Whilst the fourth member of BellArtLabs lives near the River Cam (Cambridgeshire), the fourth river itself represents a virtual auditory river. Four Rivers encompasses notions of Deep Listening—whereby the act of recording becomes a ritual and meditative act of listening. When the recordings are processed, mixed down and played back, an auditory confluence occurs as the river becomes a vehicle of ‘flow’, containing the past and present.

The work is intended to be presented as a site-specific, multi speaker audio installation incorporating a visual representation of the rivers as digital video projections. The primary engagement would be listening. Interactive engagement would also occur via the use of motion sensors to affect the audio and visual processing of the work, and reflecting movement through the landscape.

Audiences would also be invited to record and contribute sounds of their own local river or water space into the work.

Tony Scott.
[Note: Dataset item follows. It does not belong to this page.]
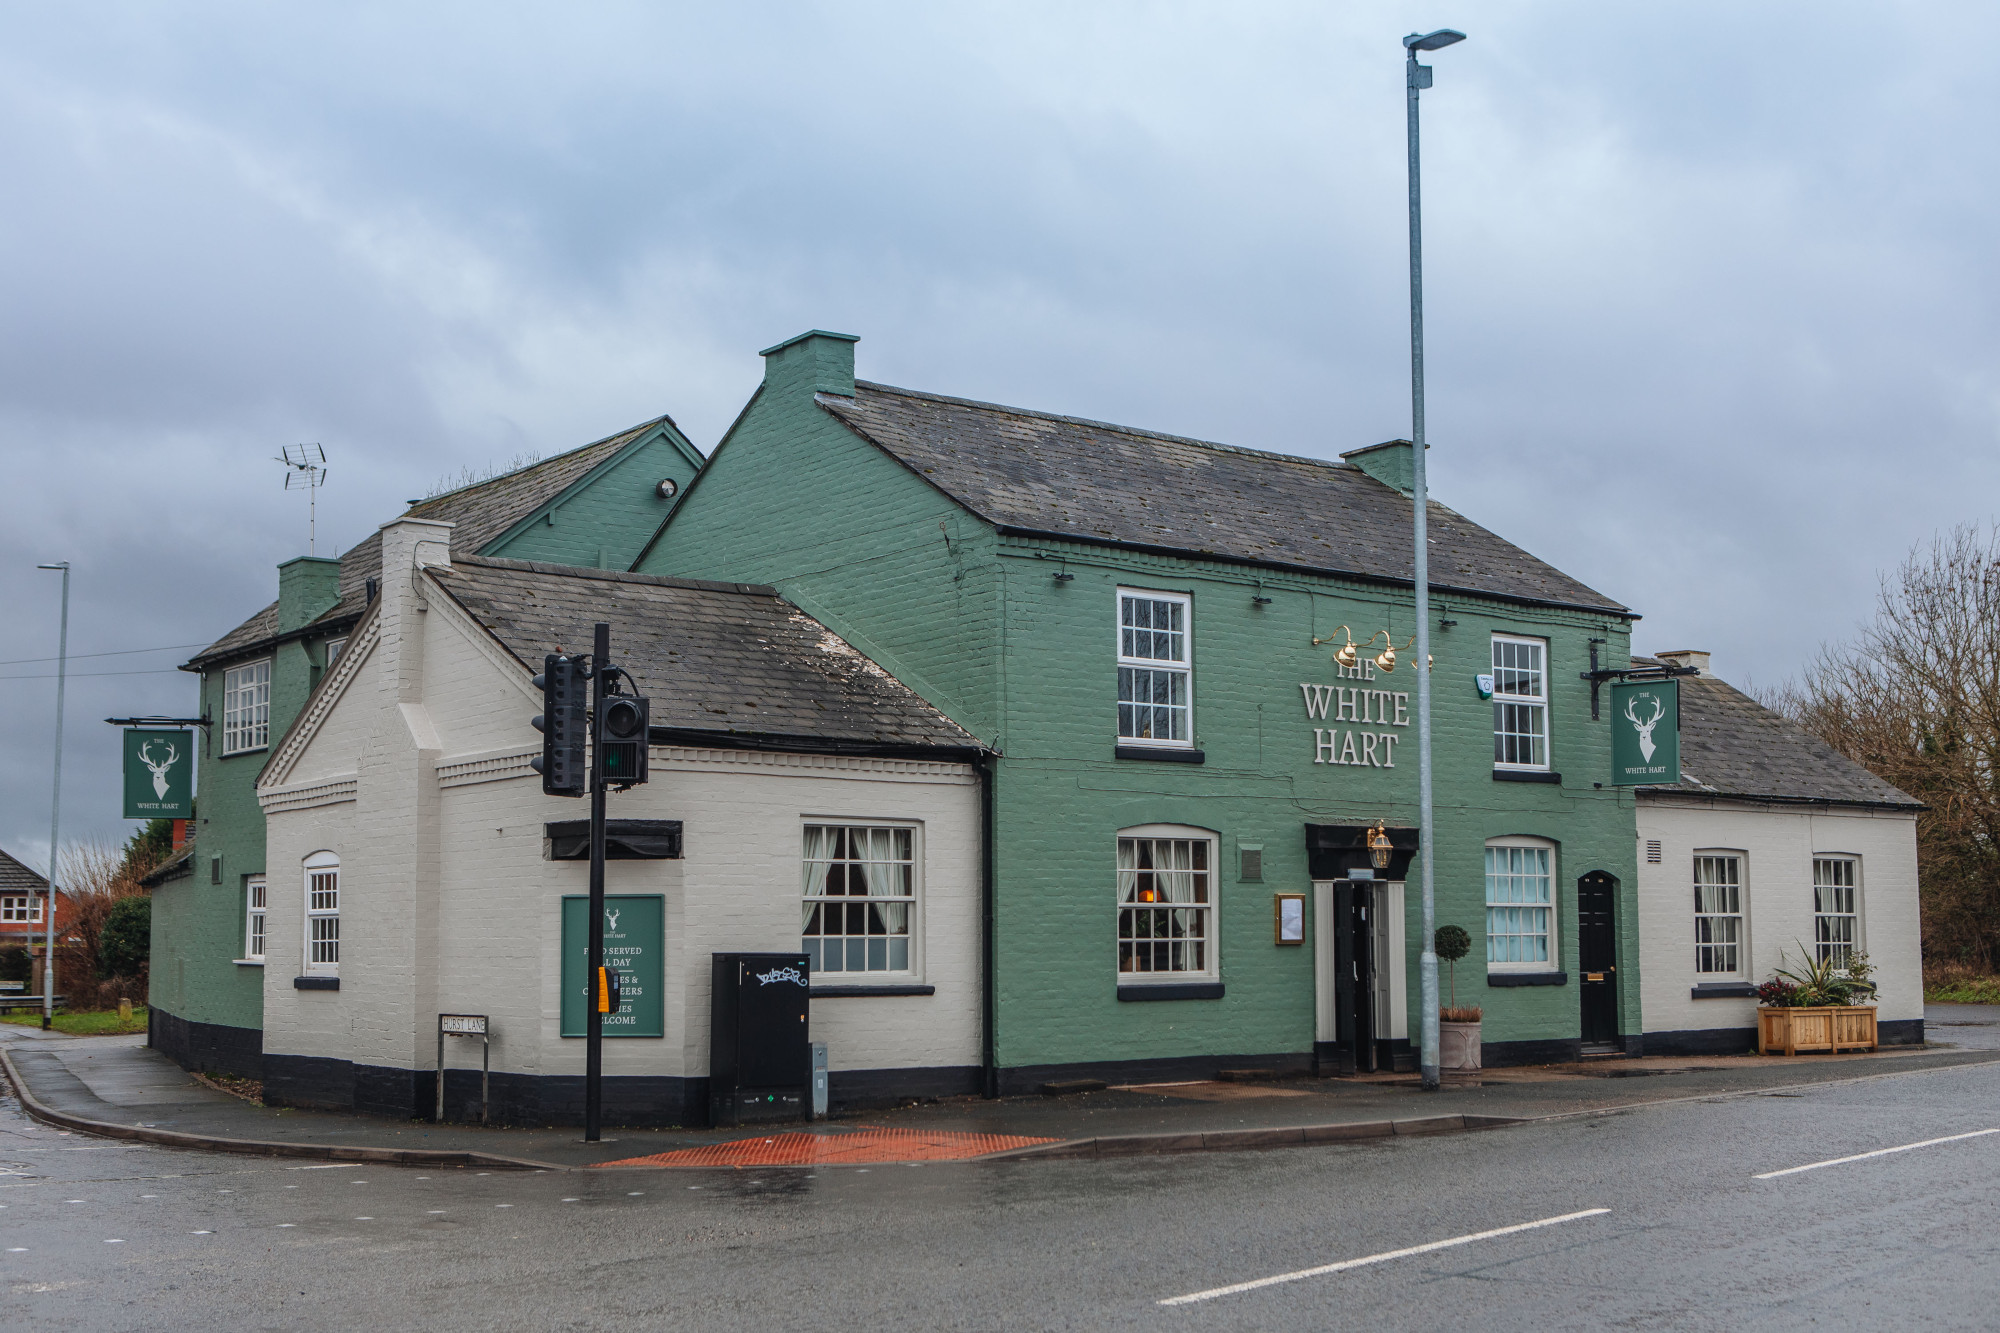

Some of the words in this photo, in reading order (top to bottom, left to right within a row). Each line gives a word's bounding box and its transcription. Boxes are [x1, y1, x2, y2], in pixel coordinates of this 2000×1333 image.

Seaton Burn, Northumberland.

Seven miles long to Seaton Sluice. Noted waymarks from the rise for two miles. The water passes the disused Whitley Bay rail line followed by Holywell Dene, a natural ancient woodland butting up against the urban, before flowing gently through a water meadow, passing a 12th century glass factory, before arriving at the 1764 sluice gate, where the river convenes with the tidal, influential North Sea. There, salt pans once collected up to two tonnes a day, ceasing in 1820.

View of the Burn

Now the river is quiet; flowing through a landscape which retains historical connections to the human activities, and the surviving natural landscapes along the way. It is this aspect which the audio narratives are exploring through 17th century dialects.

Chris Mizsak. Denver Sluice complex, Norfolk.

In the 17th century, a major effort to drain the East Anglian Fens was coordinated by the Dutc engineer Cornelius Vermuyden. Amid a backdrop of local rioting and sabotage, the introduction of steam pumps in the 1820s proved a decisive success in land drainage. Laying within feet of the tidal points, protected with dykes and drains, the Denver Sluice Complex manages the Eastern water levels. Today, the Fens are an agricultural powerhouse. This work explores a landscape in sonic flux, shaped by intervention, migration and restoration.

Four Rivers: Denver Sluice Complex
Tom Scott. Thames Estuary from Two Tree Island towards Southend pier, Essex.

A three mile stretch of the Thames Estuary on the North bank containing protected marsh lands and mud flats. A dynamic riverscape dominated by the tidal reach, yearly migrations. Rhythms of the tides juxtapose against the man-made soundscape of fishing boats; the thump of container ships, the rumble of C2C trains, and jets flying overhead all contribute to an acoustic understanding of this area.